Page 7: CIO Interview about Flopsar APM - Application Performance Management

How did the transition to the new method of observing sales efficiency go, especially in case of interpreting event distribution visualizations? Did the users easily reach a new deduction process?

Flopsar Suite is an intuitive package. The system is currently used by the IT department, but we are seriously considering sharing its data with business users, who might then use it to optimize business processes.

However, you have to consider the fact, that business users often require numerical data, not graphical presentations, in order to perform data analysis. If Flopsar was to be used for sales efficiency analysis, it would be good, if it had an option to provide results in a numerical format. For example: Departments responsible for sales care not only about how the system performance influences product sales, but also what the product search operation distribution is during particular hours, within given months or within the year.

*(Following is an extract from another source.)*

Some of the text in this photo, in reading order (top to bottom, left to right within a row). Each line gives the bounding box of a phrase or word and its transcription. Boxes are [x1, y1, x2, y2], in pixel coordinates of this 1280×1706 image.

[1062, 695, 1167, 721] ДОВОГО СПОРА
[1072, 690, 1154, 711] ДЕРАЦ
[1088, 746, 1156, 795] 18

The fact, that Generali reached such an advanced level of tool use proves, that the system is easy to handle. We also noticed, that the tool may be used in an even more optimized fashion, if additional expertise is gained pertaining to its operation: analysis, result interpretation, as well as building report extensions. It is worth mentioning, that all the data collected in the Flopsar database are available to our developers through a dedicated API.

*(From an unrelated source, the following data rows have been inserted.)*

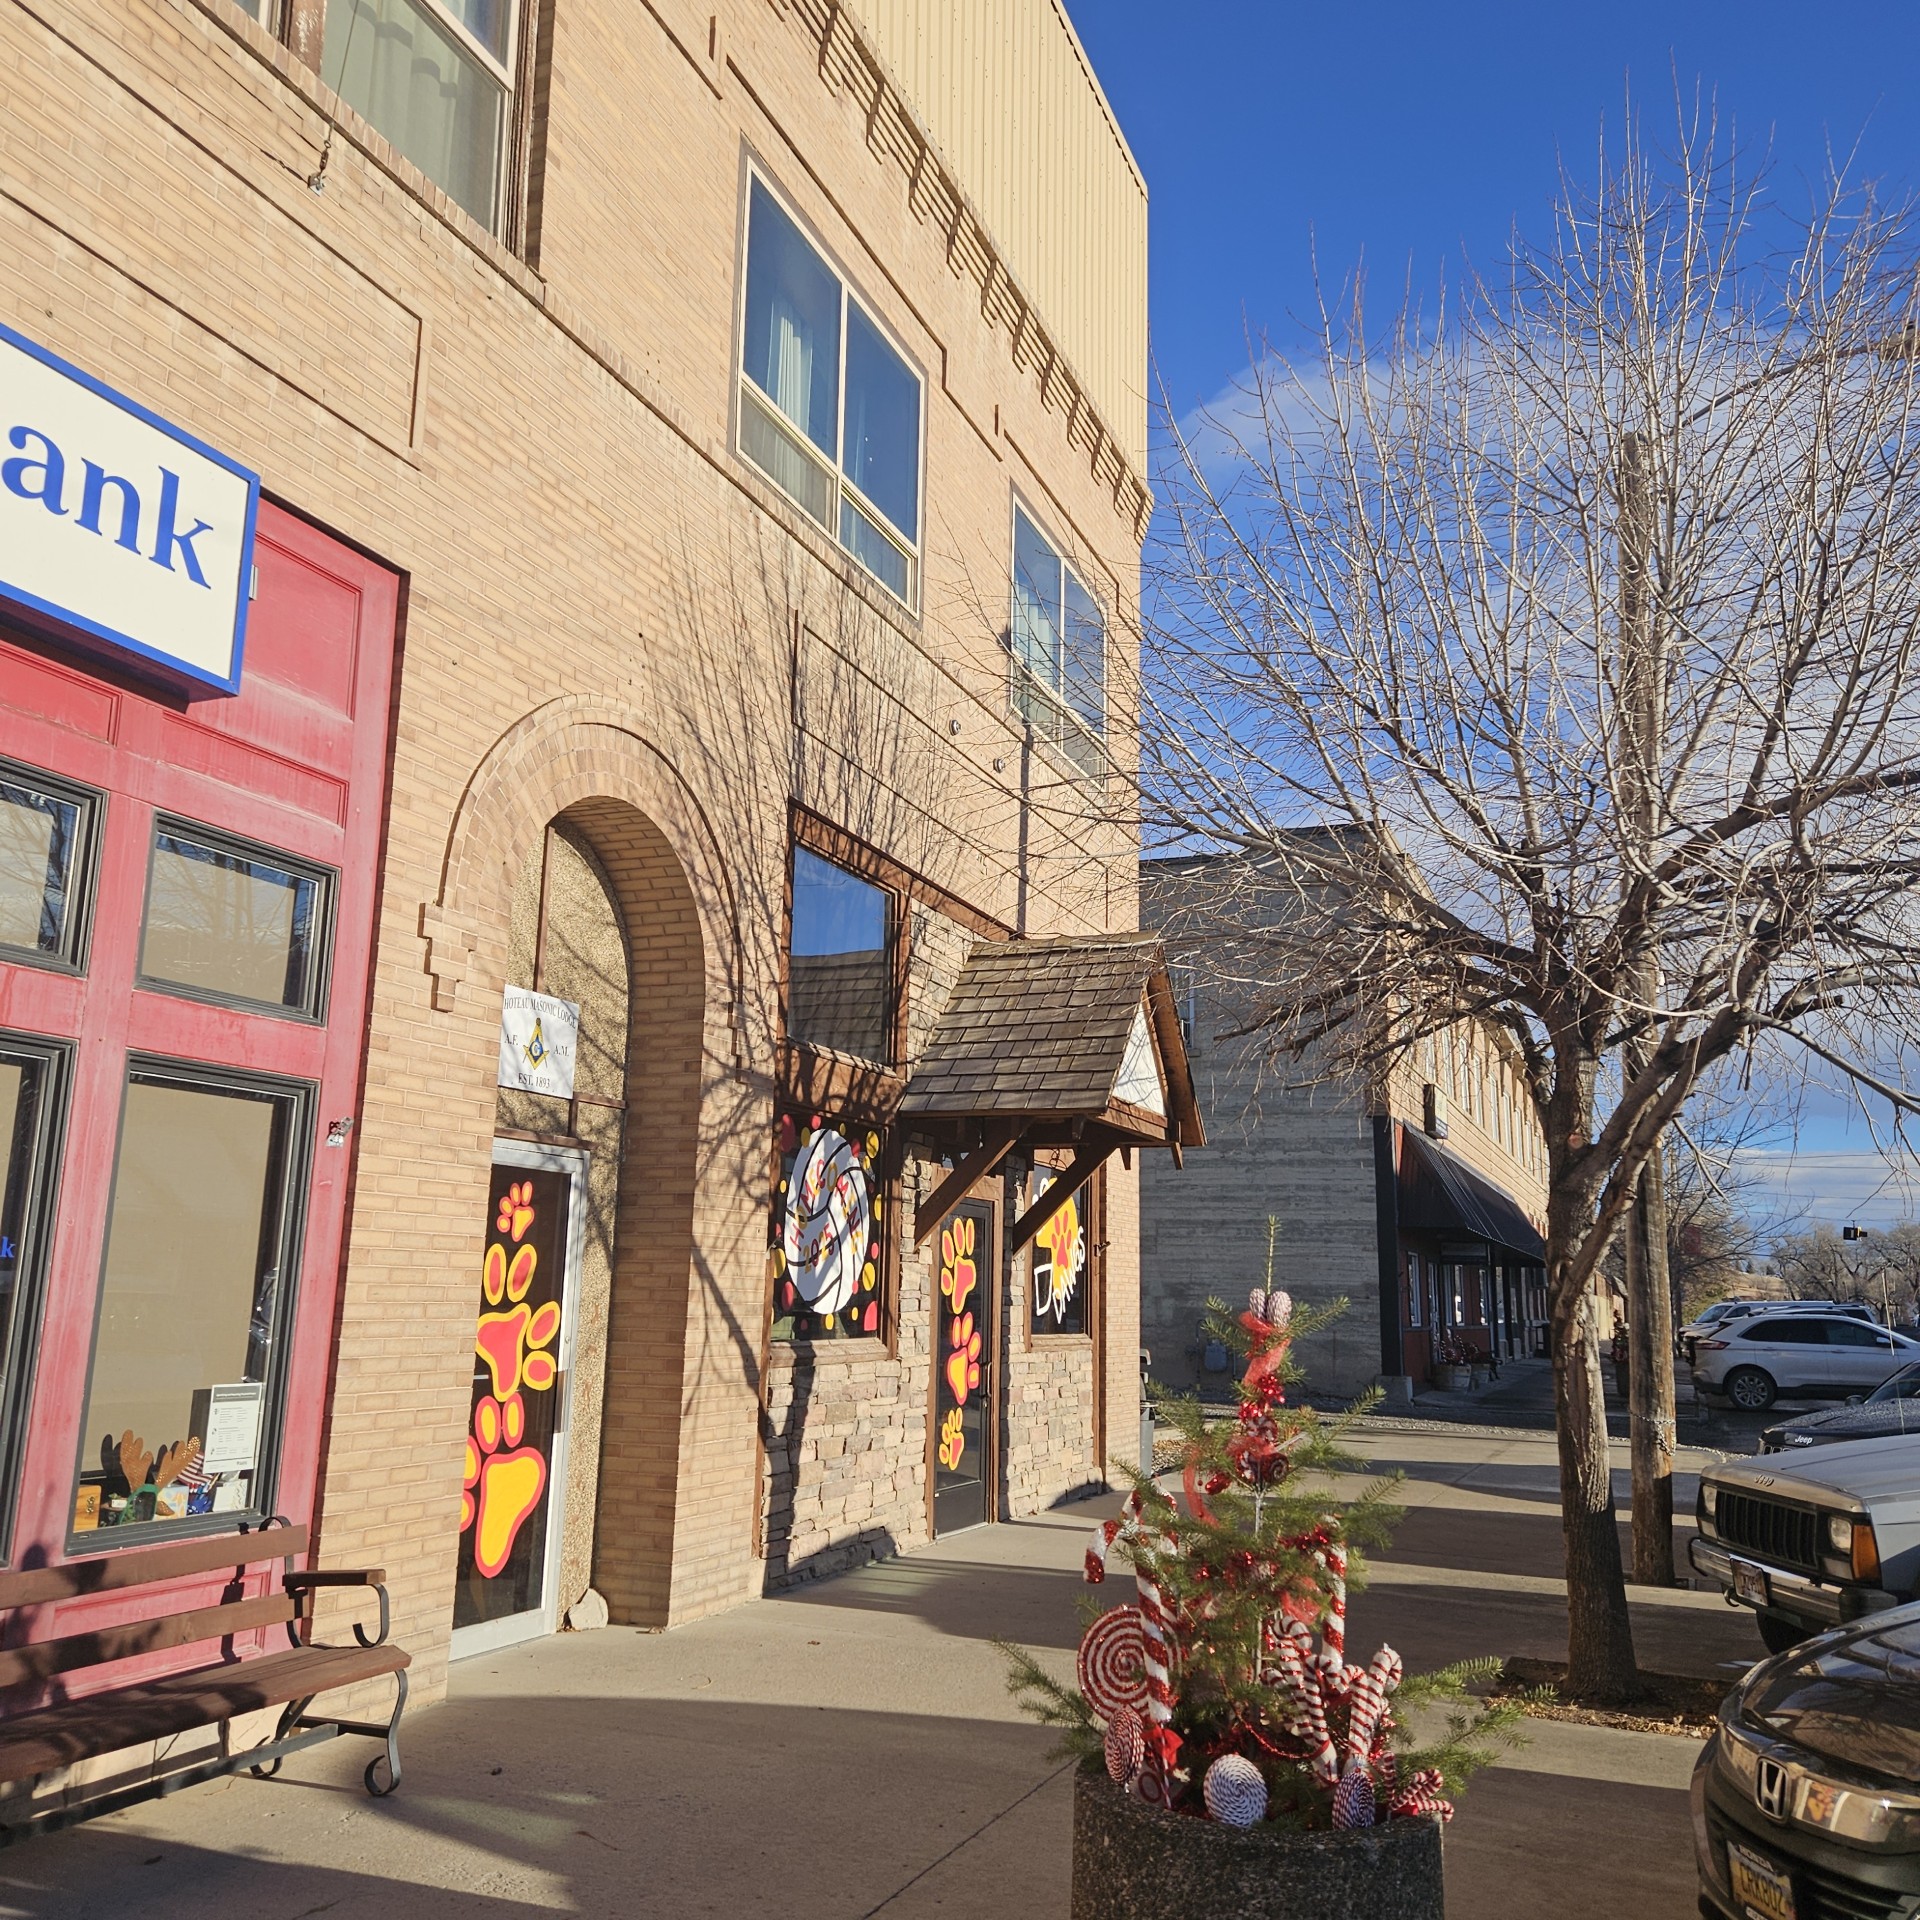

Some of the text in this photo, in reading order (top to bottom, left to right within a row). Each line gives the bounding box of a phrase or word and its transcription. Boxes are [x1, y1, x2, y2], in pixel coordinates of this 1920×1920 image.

[1, 426, 214, 590] ank
[530, 999, 557, 1017] MASONIC
[557, 1008, 577, 1029] LODGE
[504, 1034, 519, 1046] A.F.
[553, 1045, 570, 1057] A.M.
[518, 1073, 551, 1089] EST. 1893
[789, 1158, 864, 1256] HOMECOMING
[804, 1222, 836, 1274] 2025
[1794, 1435, 1813, 1445] Jeep

Are process and factor complexity considered limitations for the application performance visualization method proposed by Flopsar? If so, how can this be circumvented?

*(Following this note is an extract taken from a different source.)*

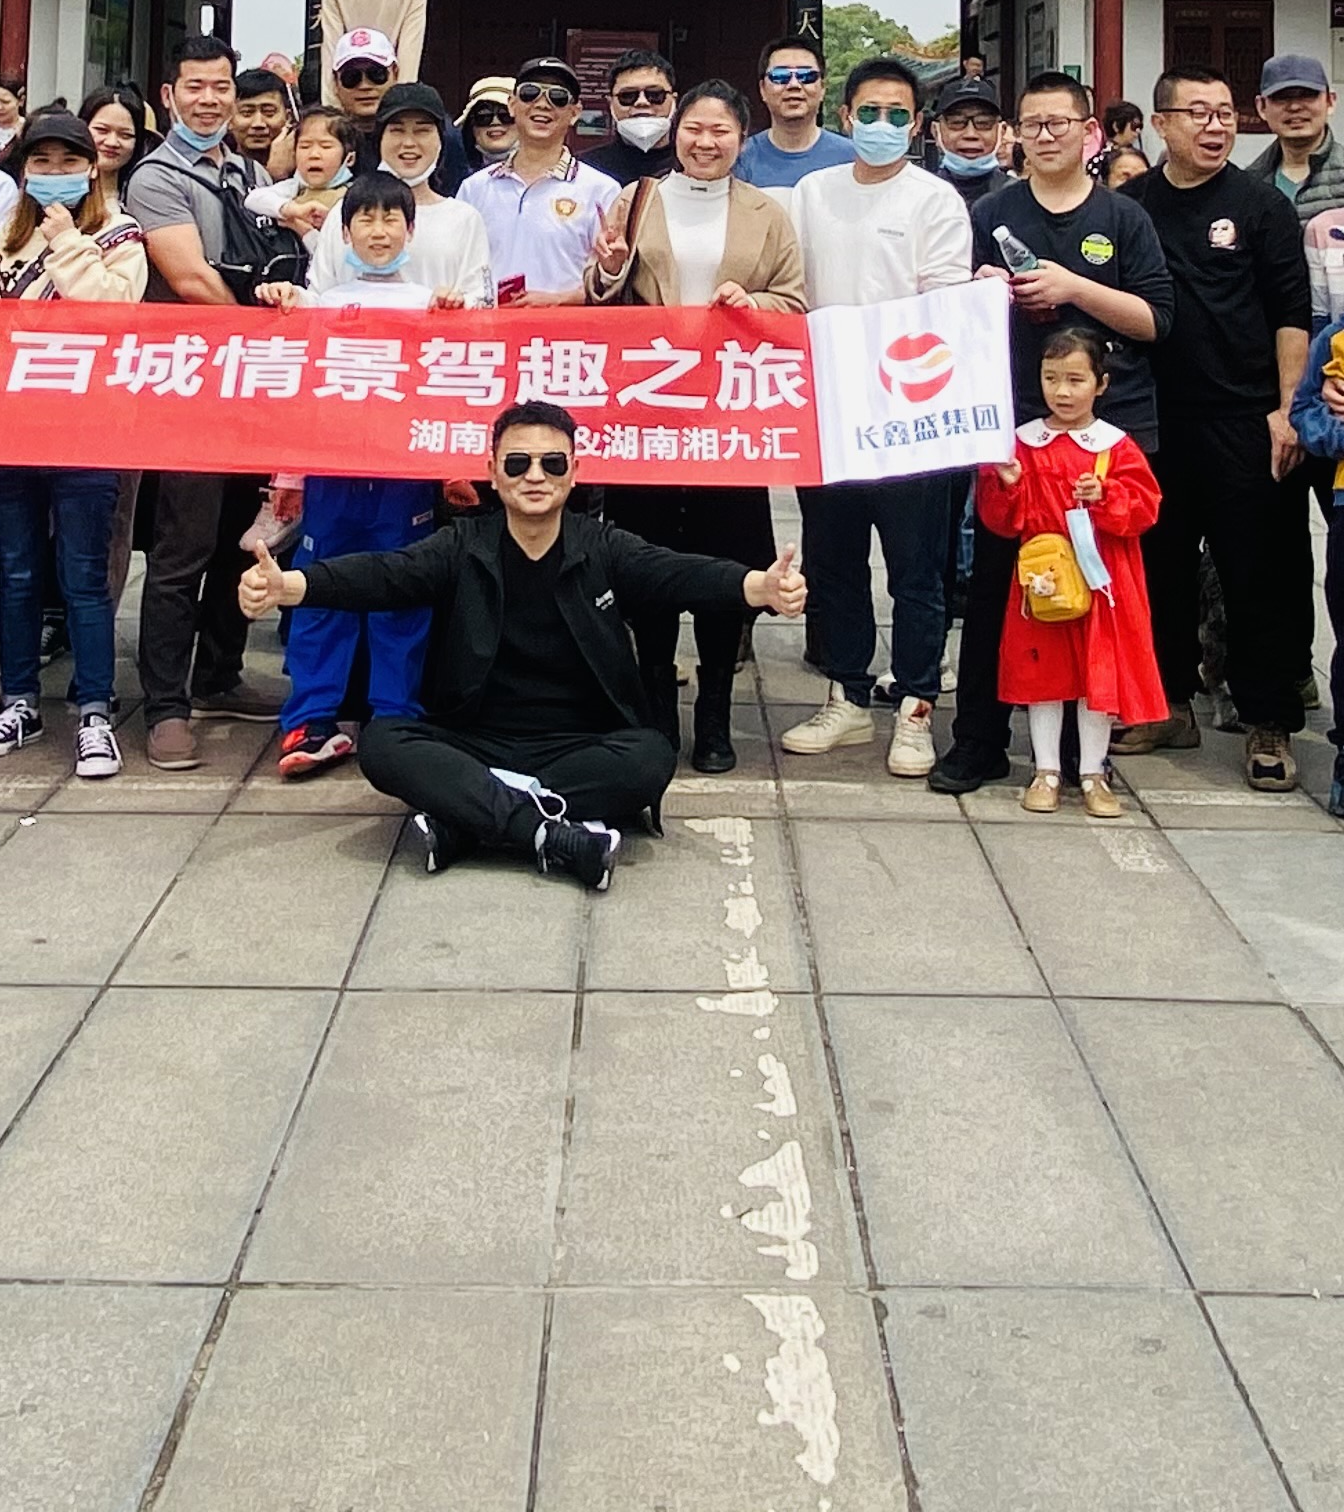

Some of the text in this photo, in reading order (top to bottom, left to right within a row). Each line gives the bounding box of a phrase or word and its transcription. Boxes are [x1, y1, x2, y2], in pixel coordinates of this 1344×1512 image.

[855, 404, 1001, 451] 长鑫盛集团

Most probably everyone, who was ever responsible for IT system performance optimization, faced uncertainty, whether the system operates the same way between measurements, as during measurements. This is typical for systems, where performance is measured at established time periods. Flopsar analyzes every operation within the system. If we do not filter particular calls in a so-called -galaxy, every point represents one system call. If the processes performed are of high complexity, we are forced to operate on a large number of geometrically correlated points. In such case data analysis requires verifying particular calls amongst a larger number of those measured and presented. This might become a limitation due to the speed of data analysis by an expert. It may also adversely impact the application server load due to Flopsar collecting data. This can be circumvented, if we utilize techniques to exclude particular calls, which are outside our interest. It is possible to achieve at the system administration level, which enables monitoring to be developed individually for every application. -Another method to reduce the data, which do not require analysis, is an option to filter out minimum and maximum operation time in the analyzed system. Finally, in case of systems working on several application servers, we are able to change the point colors depending on the server. I believe, that it would be useful, if there was an option to define item colors in a custom fashion, e.g. based on the type of system operation or on the execution time.